Image-backed grounding data —
┌────────
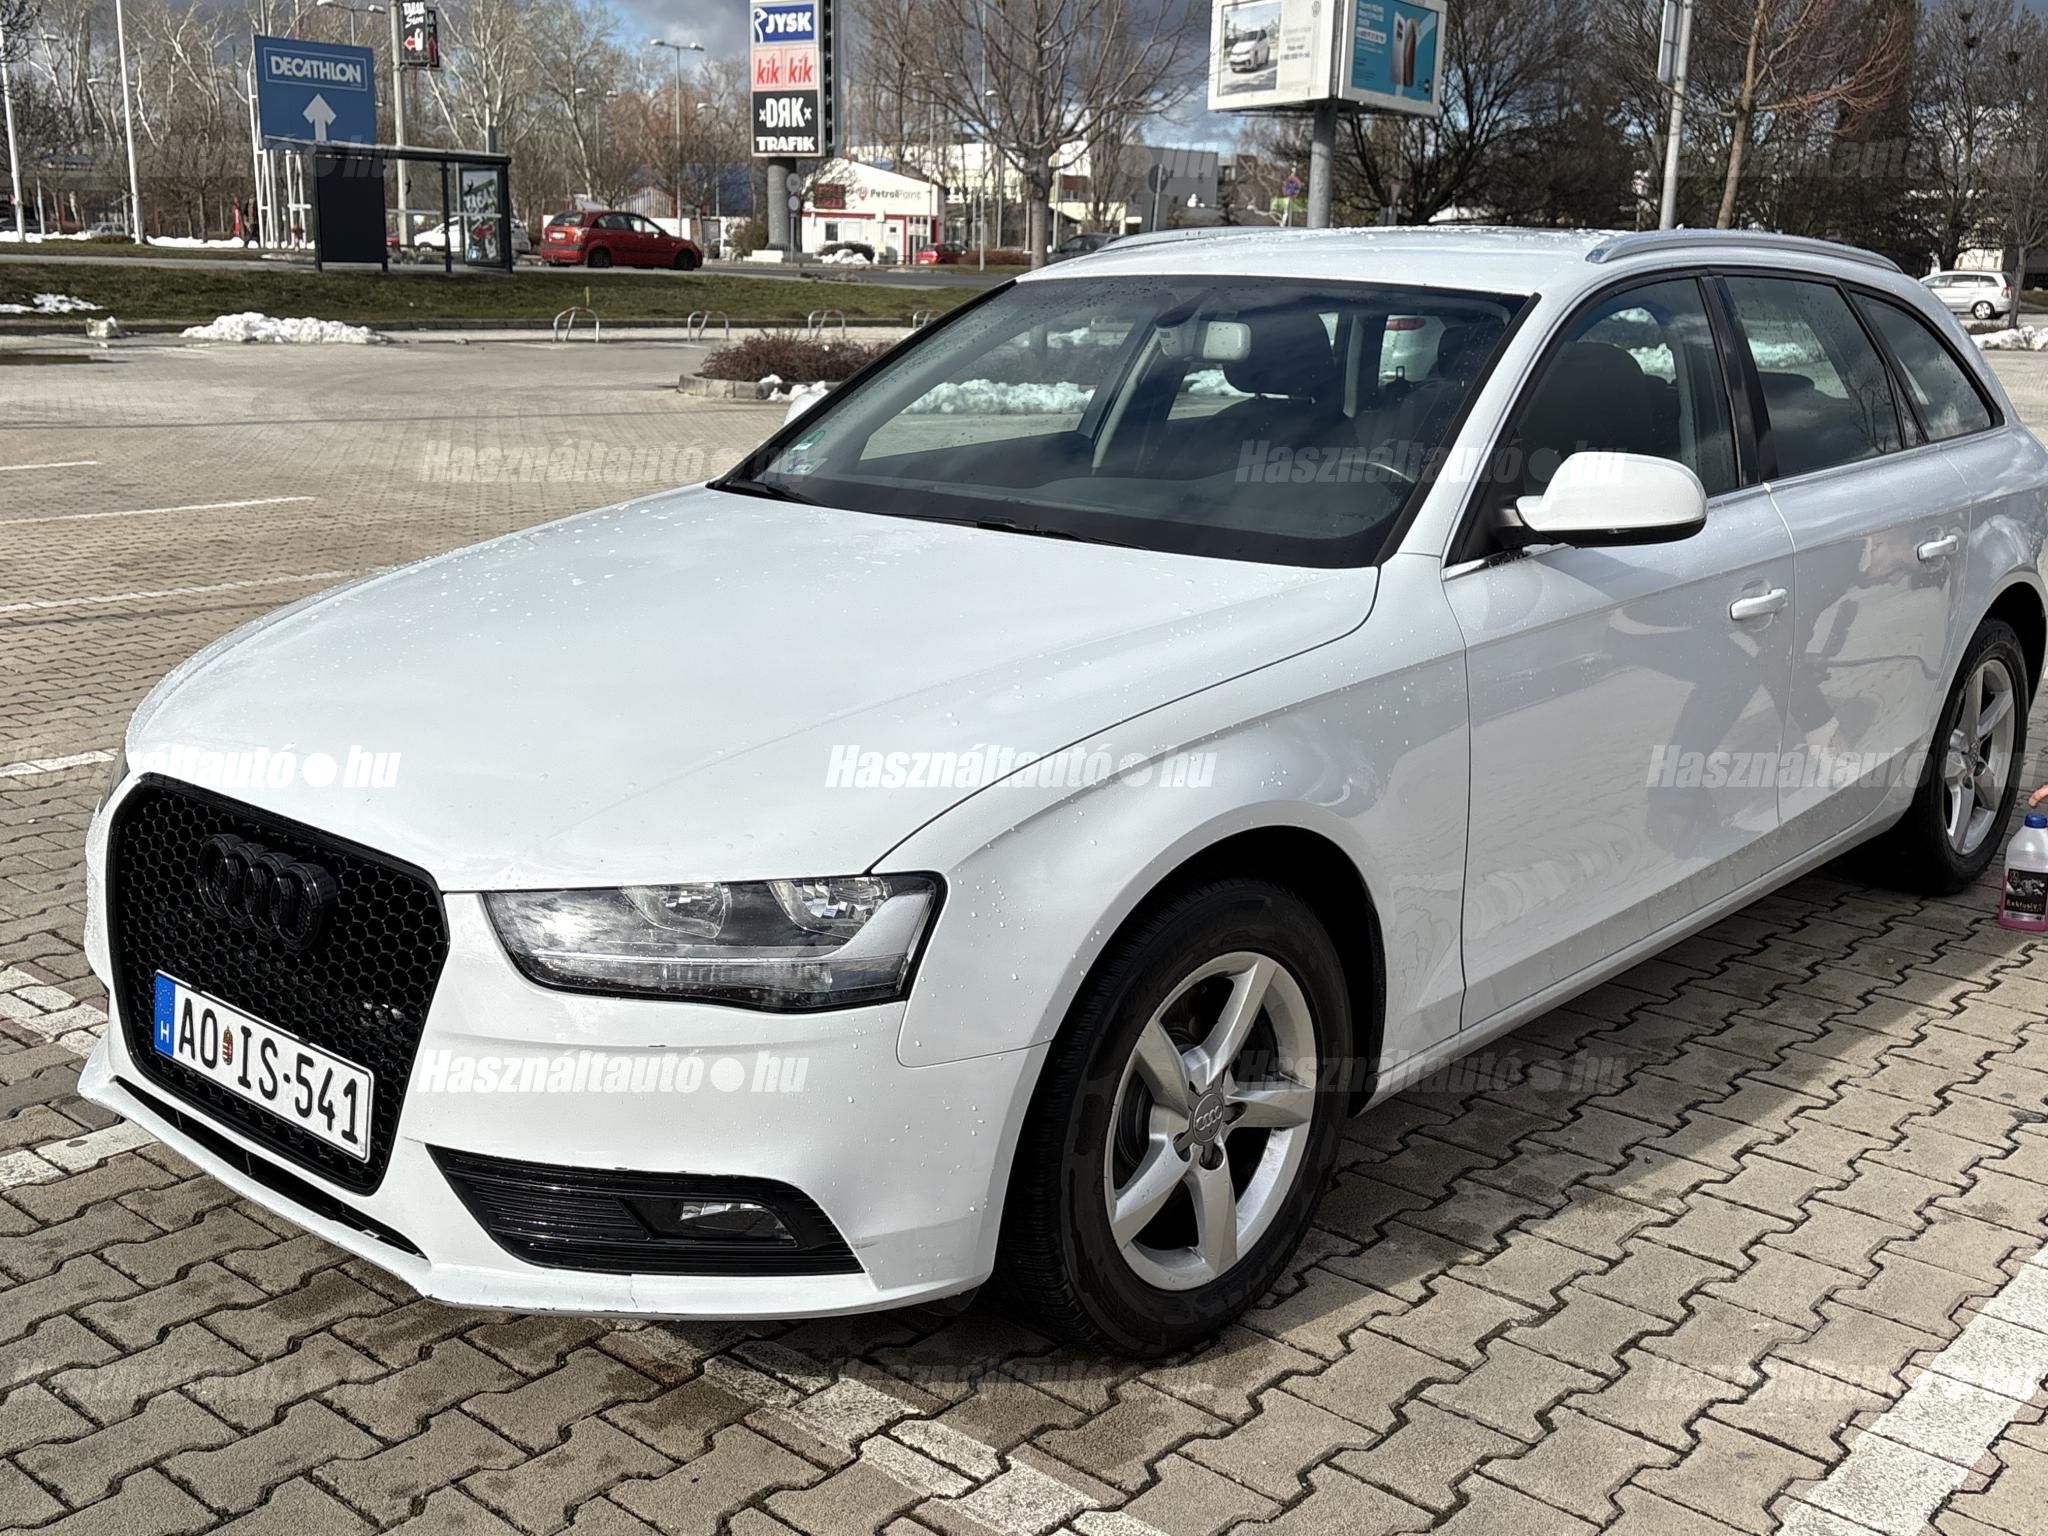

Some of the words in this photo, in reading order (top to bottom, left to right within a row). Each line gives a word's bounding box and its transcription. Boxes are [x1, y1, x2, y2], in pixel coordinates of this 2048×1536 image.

[765, 11, 812, 33] JYSK
[270, 55, 362, 83] DECATHLON
[756, 136, 815, 152] TRAFIK
[160, 1020, 170, 1044] H
[178, 997, 219, 1070] AO
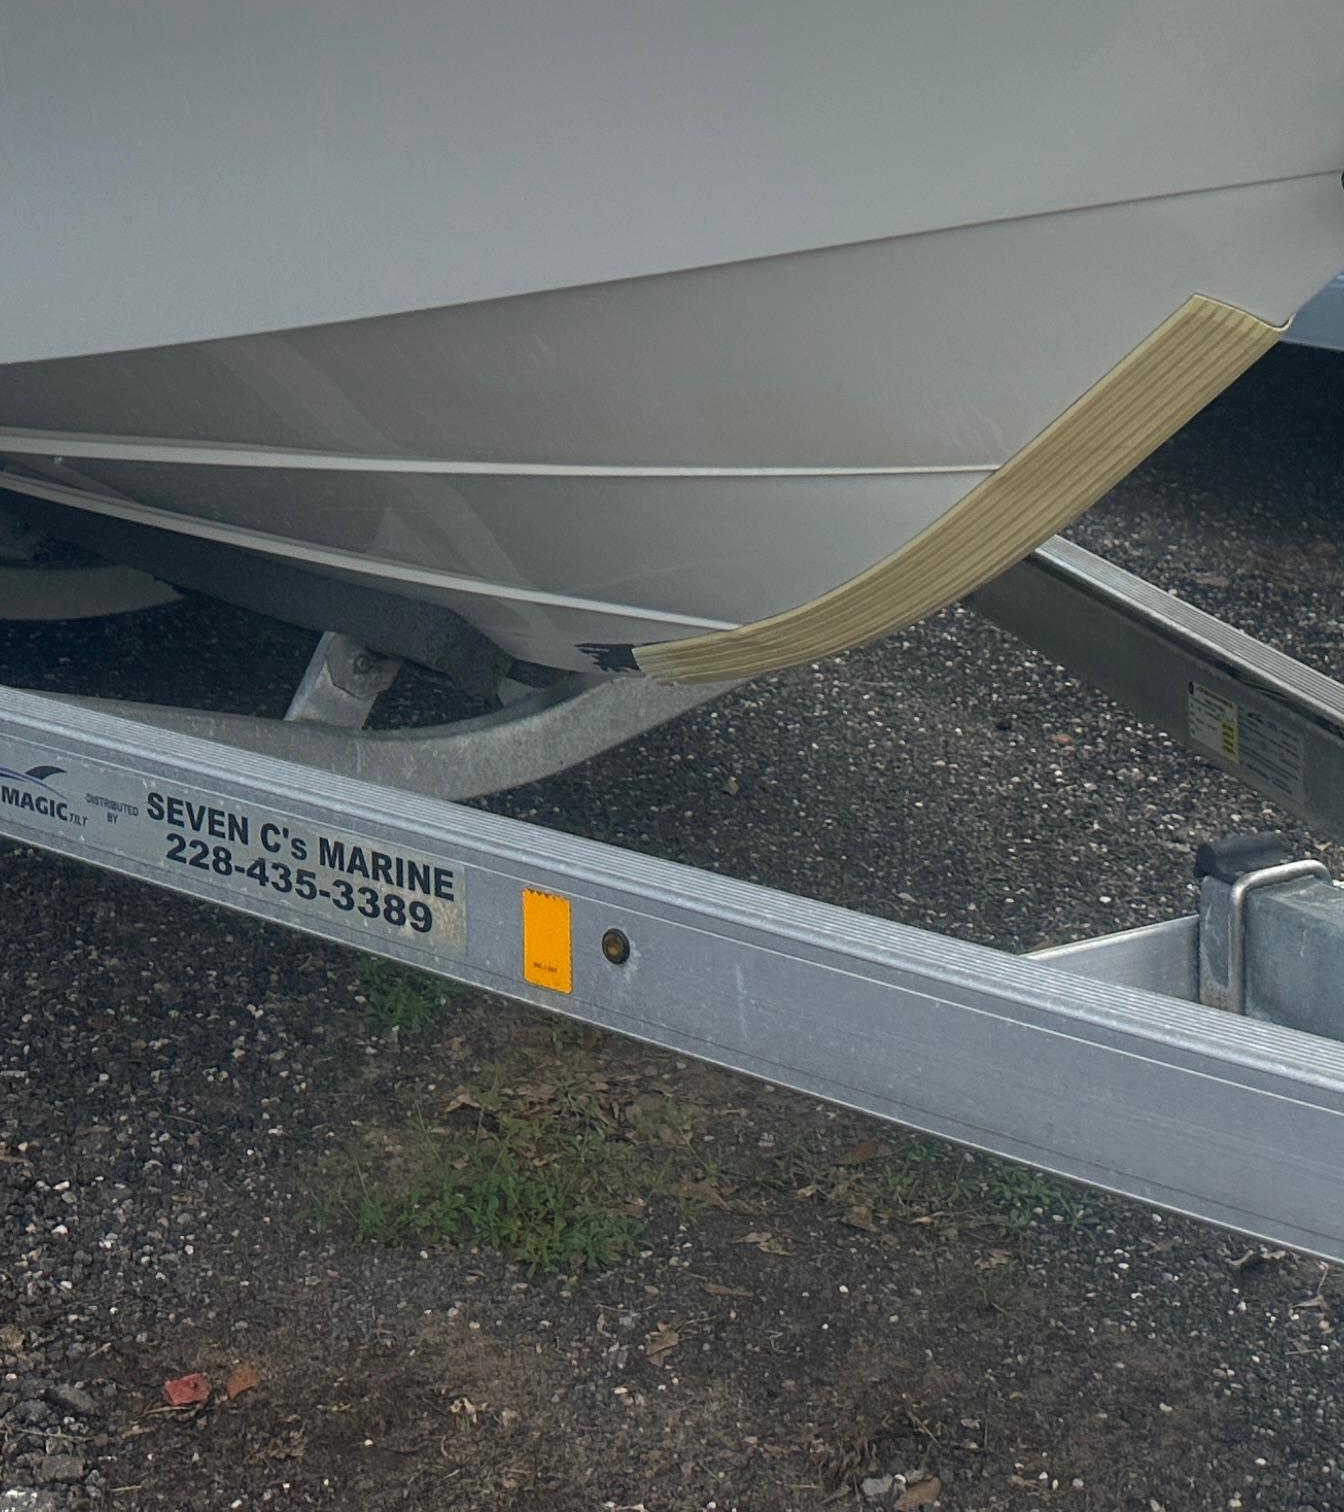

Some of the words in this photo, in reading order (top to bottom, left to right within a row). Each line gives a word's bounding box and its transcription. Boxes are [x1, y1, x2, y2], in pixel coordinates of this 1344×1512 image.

[86, 793, 139, 817] DISTRIBUTED
[107, 812, 119, 824] BY
[147, 792, 249, 845] SEVEN
[260, 823, 307, 861] C's
[319, 837, 455, 901] MARINE
[166, 833, 433, 933] 228-435-3389
└────────
WHAT IS NEEDED — Your answer must be the records above, copied exactly, with no pictures.

SOLVED EXERCISE —
Some of the words in this photo, in reading order (top to bottom, left to right within a row). Each line gives a word's bounding box and its transcription. Boxes are [x1, y1, x2, y2], in pixel coordinates of this 2048×1536 image.

[765, 11, 812, 33] JYSK
[270, 55, 362, 83] DECATHLON
[756, 136, 815, 152] TRAFIK
[160, 1020, 170, 1044] H
[178, 997, 219, 1070] AO

Some of the words in this photo, in reading order (top to bottom, left to right within a row). Each line gives a word's bounding box and its transcription. Boxes are [x1, y1, x2, y2], in pixel coordinates of this 1344×1512 image.

[86, 793, 139, 817] DISTRIBUTED
[107, 812, 119, 824] BY
[147, 792, 249, 845] SEVEN
[260, 823, 307, 861] C's
[319, 837, 455, 901] MARINE
[166, 833, 433, 933] 228-435-3389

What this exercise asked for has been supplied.